## Activity:
Please give back every entry in full, word for word, but none of the pictures.

## Data for processing:

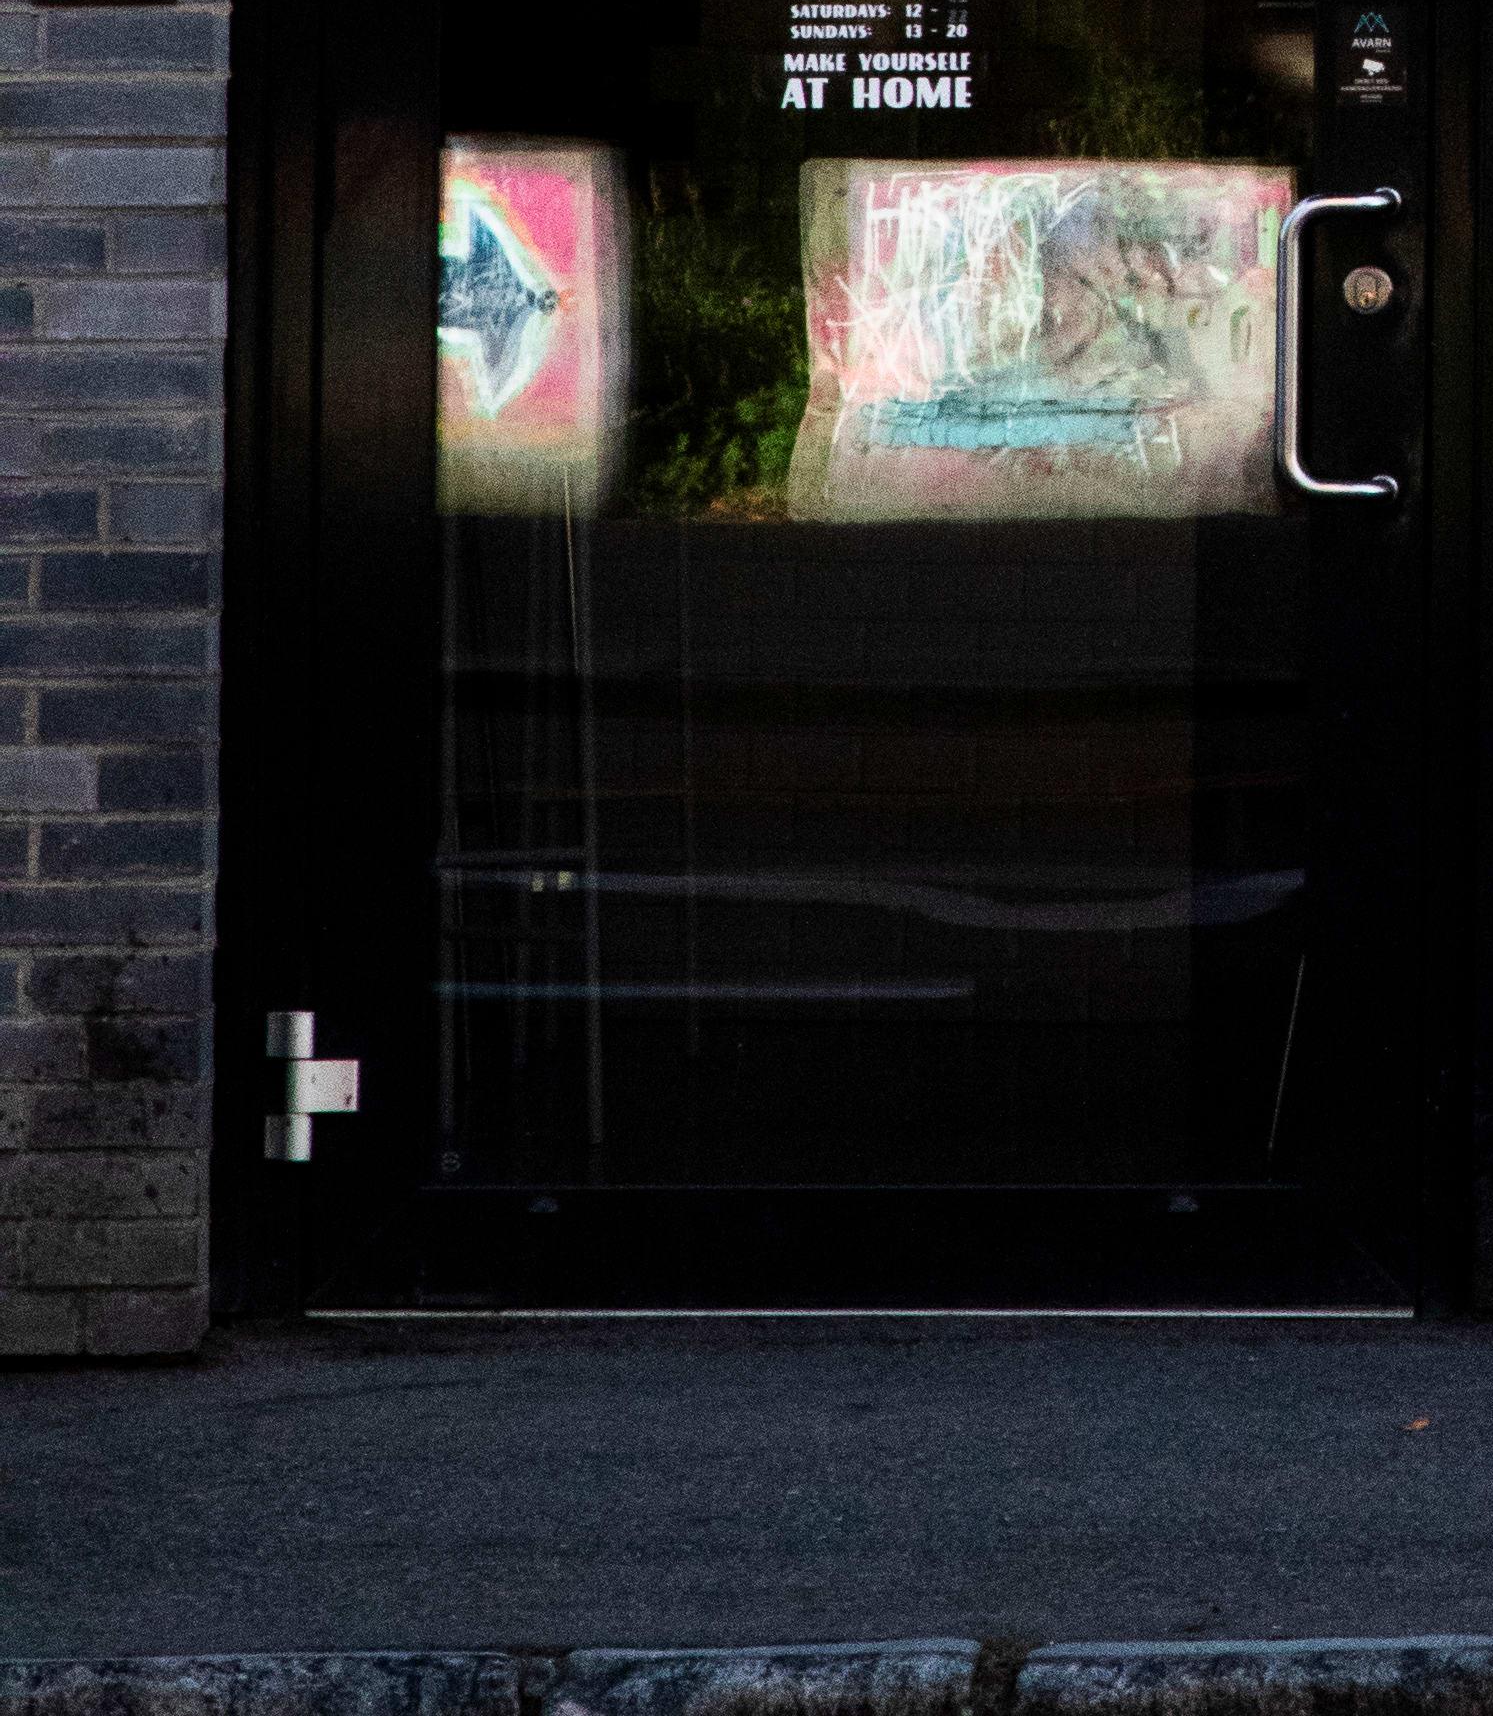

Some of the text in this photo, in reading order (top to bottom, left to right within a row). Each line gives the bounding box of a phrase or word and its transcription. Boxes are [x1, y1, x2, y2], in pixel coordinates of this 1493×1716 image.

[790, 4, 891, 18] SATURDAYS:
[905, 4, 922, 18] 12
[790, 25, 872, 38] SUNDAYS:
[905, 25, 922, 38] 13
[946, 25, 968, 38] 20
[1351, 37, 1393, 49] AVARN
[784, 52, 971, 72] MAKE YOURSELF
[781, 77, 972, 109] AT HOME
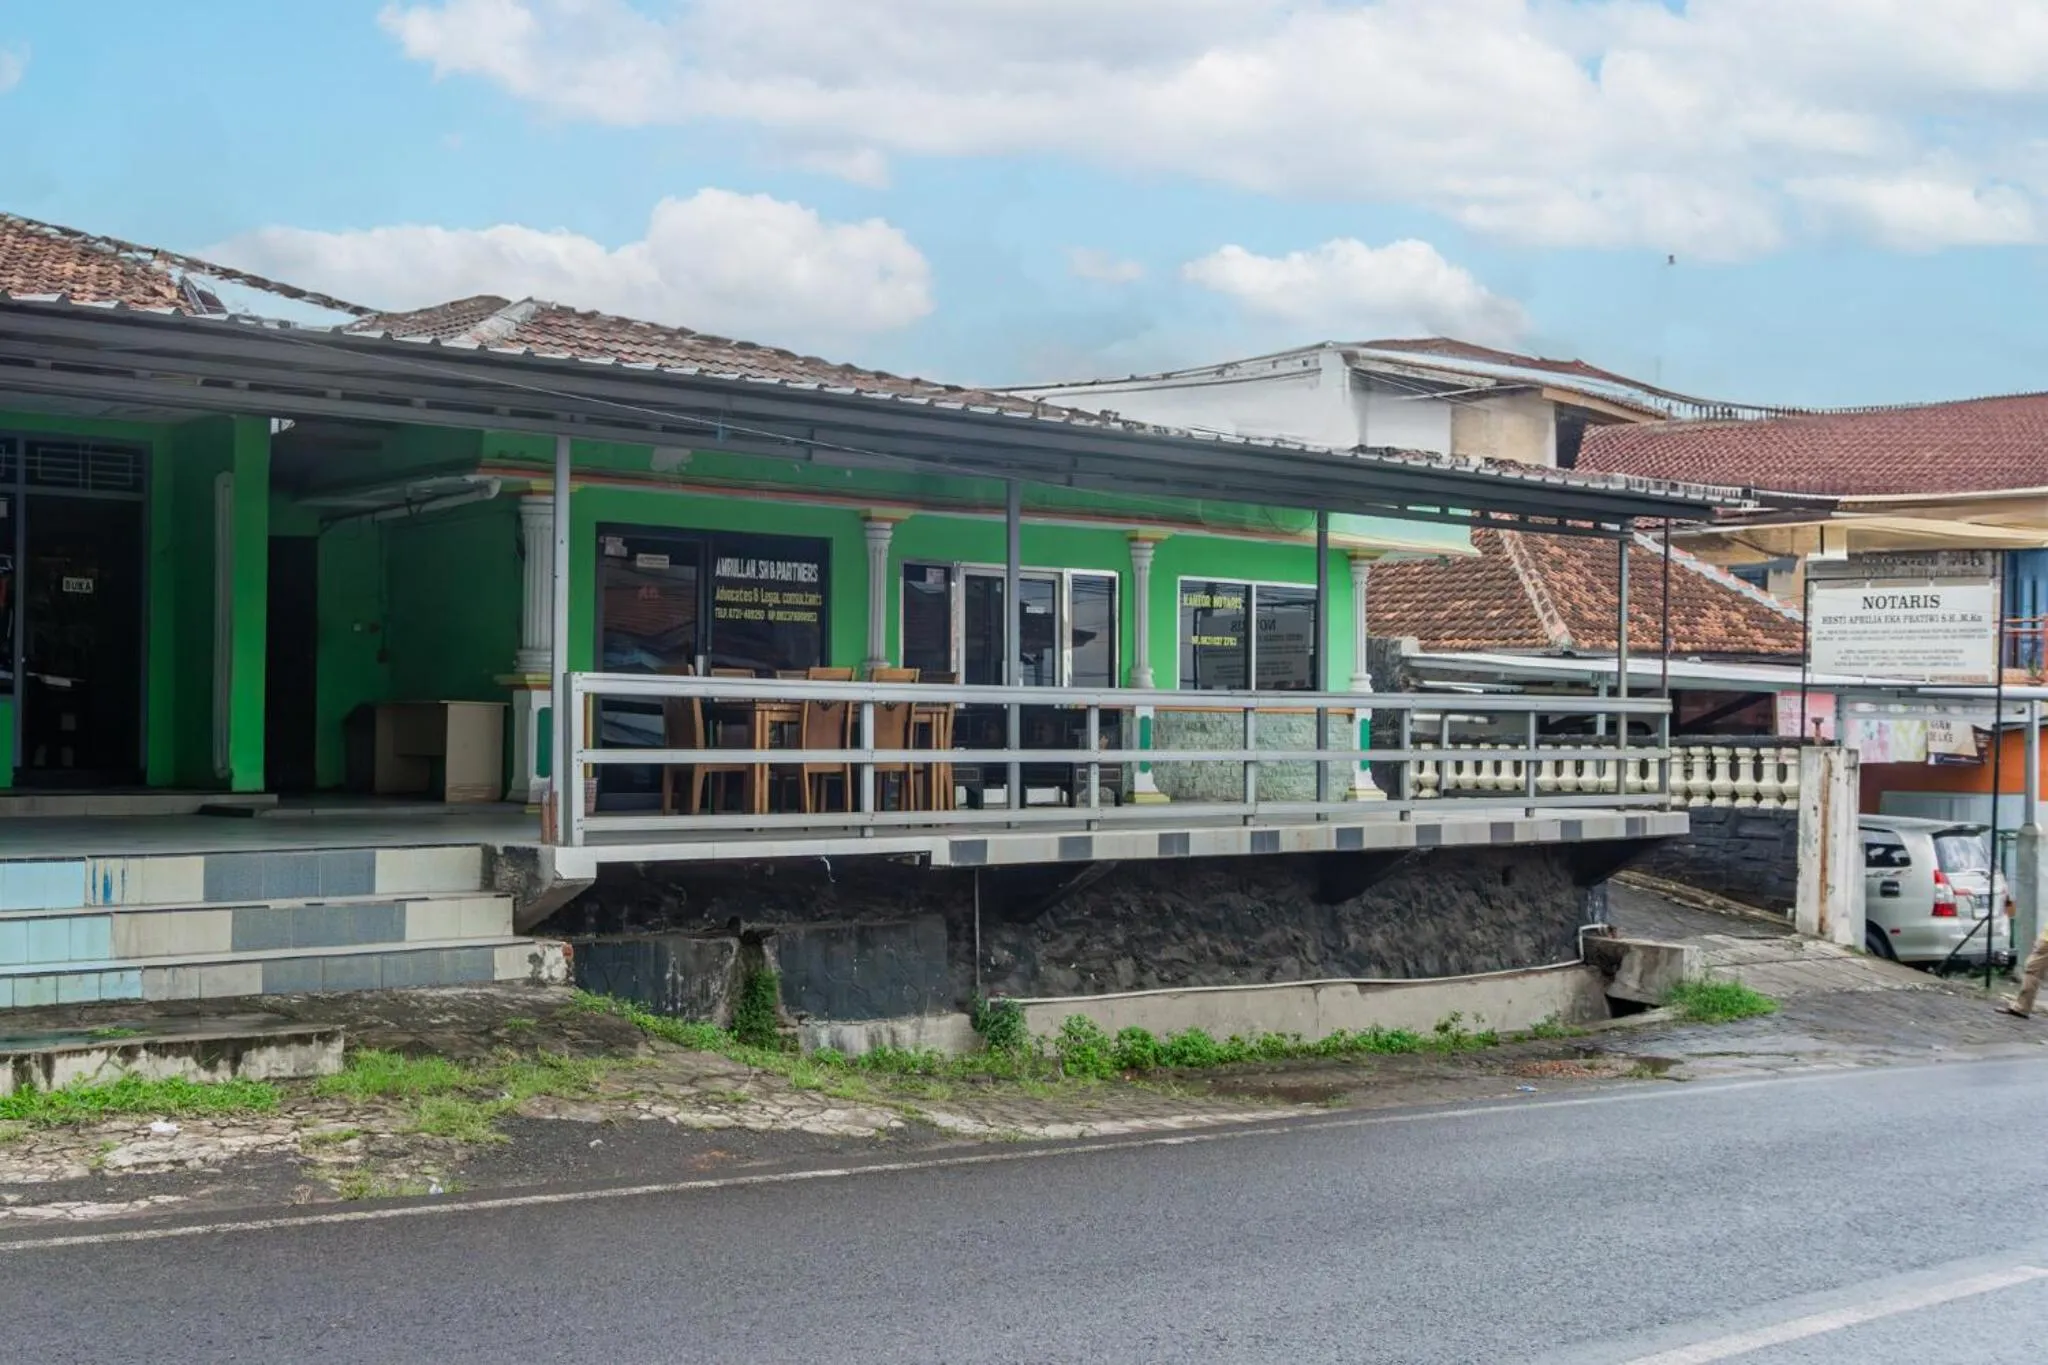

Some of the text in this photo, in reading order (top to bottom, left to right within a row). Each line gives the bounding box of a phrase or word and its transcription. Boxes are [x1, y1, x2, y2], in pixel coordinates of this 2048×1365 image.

## Written answer:
Some of the text in this photo, in reading order (top to bottom, left to right within a row). Each line gives the bounding box of a phrase or word and its transcription. Boxes are [x1, y1, x2, y2], in pixel coordinates of this 1493×1716 image.

[790, 4, 891, 18] SATURDAYS:
[905, 4, 922, 18] 12
[790, 25, 872, 38] SUNDAYS:
[905, 25, 922, 38] 13
[946, 25, 968, 38] 20
[1351, 37, 1393, 49] AVARN
[784, 52, 971, 72] MAKE YOURSELF
[781, 77, 972, 109] AT HOME

Some of the text in this photo, in reading order (top to bottom, left to right within a row). Each line gives the bounding box of a phrase or word and its transcription. Boxes are [x1, y1, x2, y2], in pixel coordinates of this 2048×1365 image.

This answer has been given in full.